Vu les autres pièces du dossier.
Vu :
— la convention européenne de sauvegarde des droits de l’homme et des libertés fondamentales ;
— le règlement n° 604/2013/UE du Parlement européen et du Conseil du 26 juin 2013 ;
— le code de l’entrée et du séjour des étrangers et du droit d’asile ;
— la loi n° 91-647 du 10 juillet 1991 ;
— le code de justice administrative.
Le président du tribunal a désigné M. D comme juge du contentieux des décisions relatives à l’éloignement et à la rétention des étrangers visées aux chapitres VI, VII, VII bis, VII ter et VII quater du titre VII du livre VII de la partie réglementaire du code de justice administrative.
Les parties ont été régulièrement averties du jour de l’audience.
Ont été entendus au cours de l’audience publique :
— le rapport de M. D,
— les observations de Me Trofimoff représentant Mme A, qui reprend et développe les moyens soulevés dans la requête ;
— les observations de Mme A assistée de Mme C, interprète en langue anglaise.
Le préfet de la Seine-Maritime n’a été ni présent ni représenté.
Considérant ce qui suit :
1. Mme B A, ressortissante du Nigéria née le 11 septembre 2001, s’est présentée le 26 avril 2022 à la préfecture de la Seine-Maritime pour demander l’asile. Par un arrêté du 31 mai 2022, le préfet a ordonné son transfert aux autorités espagnoles.
2. Il y a lieu, dans les circonstances de l’espèce et en application de l’article 20 de la loi du 10 juillet 1991, d’admettre provisoirement Mme A au bénéfice de l’aide juridictionnelle.
3. En premier lieu, aux termes de l’article L. 742-3 du code de l’entrée et du séjour des étrangers et du droit d’asile : « () Toute décision de transfert fait l’objet d’une décision écrite motivée prise par l’autorité administrative () ». Pour l’application de ces dispositions, est suffisamment motivée une décision de transfert qui mentionne le règlement du Parlement européen et du Conseil du 26 juin 2013 et comprend l’indication des éléments de fait sur lesquels l’autorité administrative se fonde pour estimer que l’examen de la demande présentée devant elle relève de la responsabilité d’un autre État membre, une telle motivation permettant d’identifier le critère du règlement communautaire dont il est fait application.
4. L’arrêté attaqué, après avoir visé le règlement n° 604/2013 du 26 juin 2013, indique que la requérante a obtenu le 2 février 2022 un visa délivré par l’Espagne valable jusqu’au 2 avril 2022 et que les autorités espagnoles, saisies par la France le 6 mai 2022 sur le fondement du 4 de l’article 12 de ce règlement, ont implicitement accepté de prendre en charge la requérante le 18 mai suivant. Dès lors, l’arrêté attaqué énonce les considérations de droit et de fait sur lesquelles il se fonde avec une précision suffisante pour permettre à la requérante de comprendre les motifs de la décision et, le cas échéant, d’exercer utilement son recours. Il est donc suffisamment motivé. Par ailleurs, la supposée irrégularité des visas et de la notification de l’arrêté attaqué sont sans incidence sur la légalité de ce dernier.

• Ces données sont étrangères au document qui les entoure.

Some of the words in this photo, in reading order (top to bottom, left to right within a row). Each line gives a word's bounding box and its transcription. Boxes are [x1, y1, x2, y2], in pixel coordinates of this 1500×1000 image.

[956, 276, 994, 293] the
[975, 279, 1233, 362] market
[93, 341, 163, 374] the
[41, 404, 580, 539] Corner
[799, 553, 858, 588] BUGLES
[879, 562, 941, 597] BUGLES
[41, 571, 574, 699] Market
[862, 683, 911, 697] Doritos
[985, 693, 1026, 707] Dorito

5. En deuxième lieu, la circonstance que les empreintes digitales de Mme A n’auraient pas été relevées dans les délais prévus par l’article 9 du règlement n° 603/2013 du 26 juin 2013, à la supposer établie, est dépourvue d’incidence sur la légalité de l’arrêté attaqué.

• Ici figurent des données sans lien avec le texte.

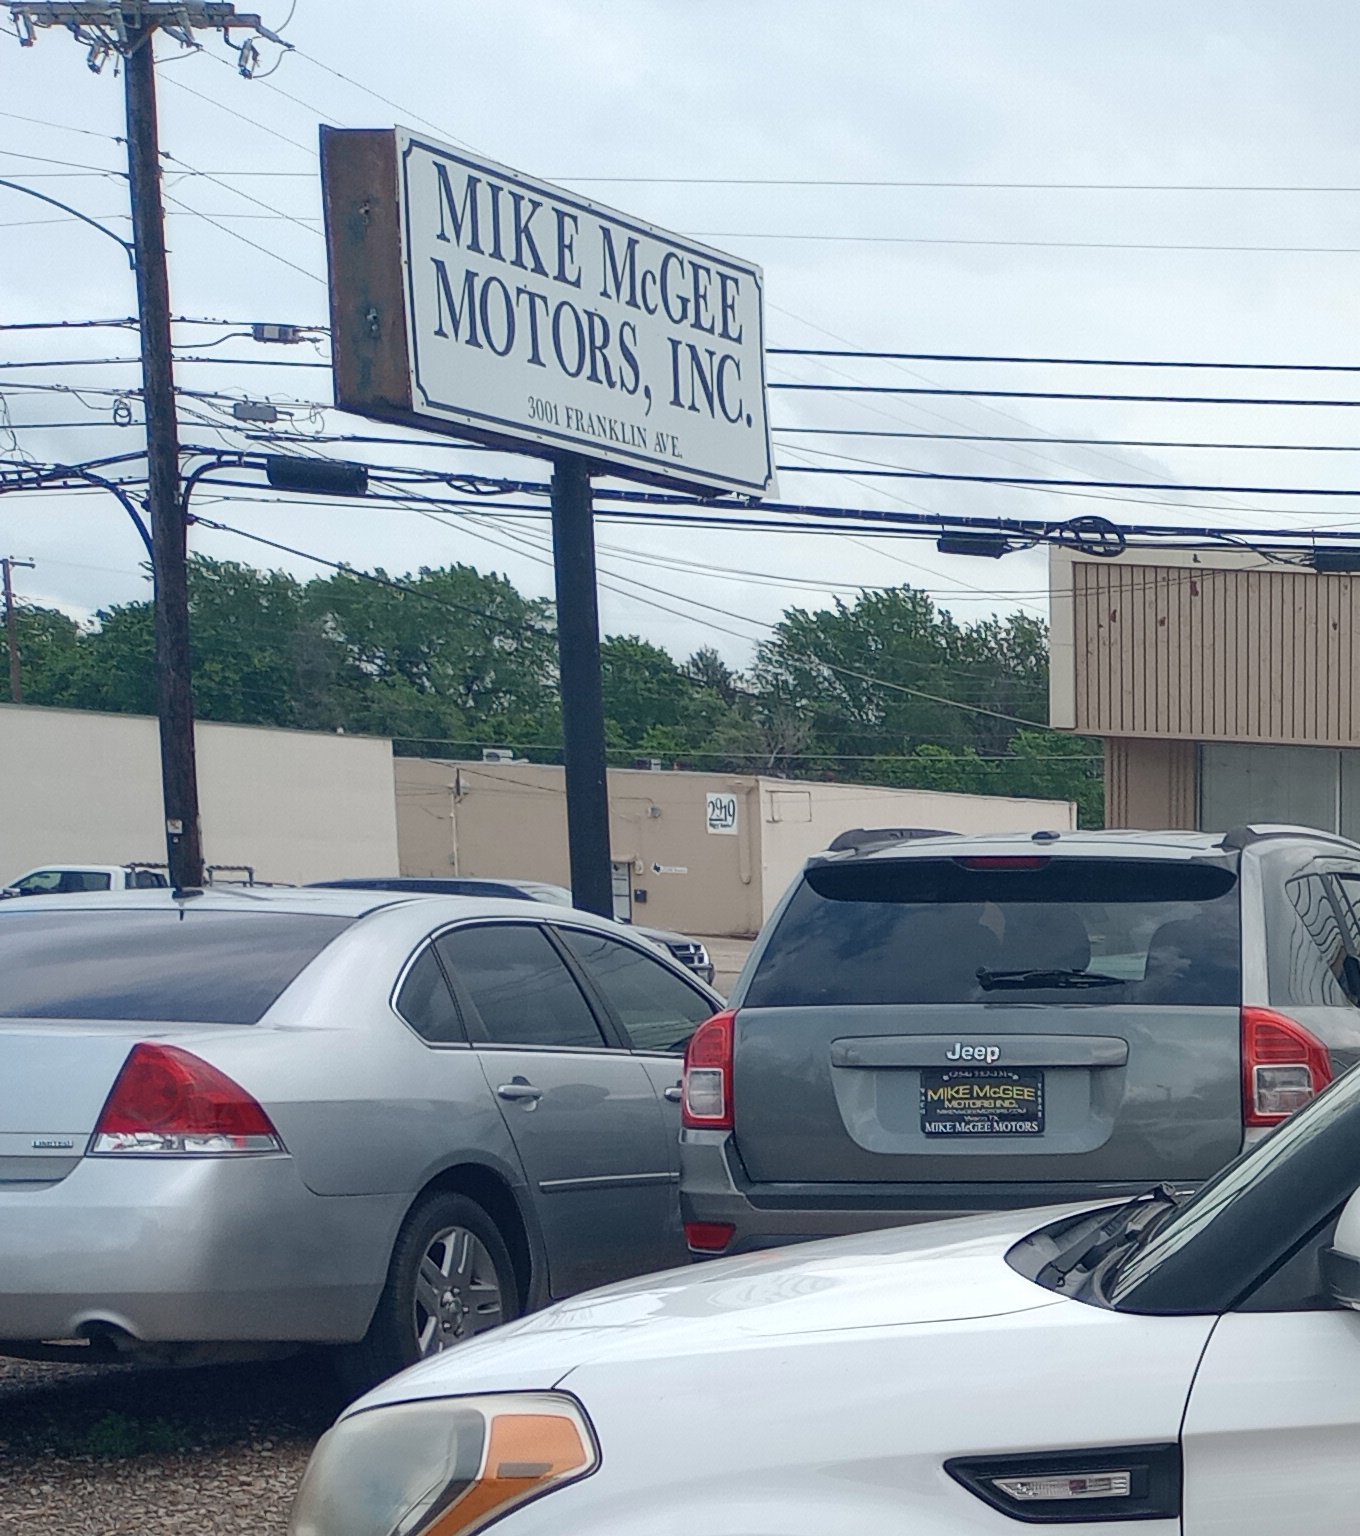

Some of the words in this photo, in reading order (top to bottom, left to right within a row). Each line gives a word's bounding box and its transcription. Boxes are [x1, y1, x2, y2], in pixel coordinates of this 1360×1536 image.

[432, 160, 582, 289] MIKE
[599, 224, 743, 345] McGEE
[430, 257, 652, 416] MOTORS,
[667, 336, 753, 428] INC.
[528, 396, 560, 426] 3001
[565, 406, 647, 449] FRANKLIN
[654, 432, 683, 459] AVE.
[946, 1042, 1000, 1064] Jeep
[927, 1085, 971, 1101] MIKE
[973, 1085, 1035, 1100] McGEE
[925, 1122, 954, 1133] MIKE
[956, 1122, 992, 1133] McGEE
[993, 1121, 1039, 1132] MOTORS

6. En troisième lieu, aux termes de l’article 4 du règlement du 26 juin 2013 : « 1. Dès qu’une demande de protection internationale est introduite au sens de l’article 20, paragraphe 2, dans un État membre, ses autorités compétentes informent le demandeur de l’application du présent règlement (). / 2. Les informations visées au paragraphe 1 sont données par écrit, dans une langue que le demandeur comprend ou dont on peut raisonnablement supposer qu’il la comprend. Les États membres utilisent la brochure commune rédigée à cet effet en vertu du paragraphe 3 () ».
7. Il ressort des pièces du dossier que Mme A s’est vu remettre les brochures A et B en langue anglaise, qu’elle a déclaré lire et comprendre, contenant l’ensemble des éléments d’information exigés par l’article 4 précité. Elle n’est donc pas fondée à soutenir que le préfet aurait méconnu ces dispositions.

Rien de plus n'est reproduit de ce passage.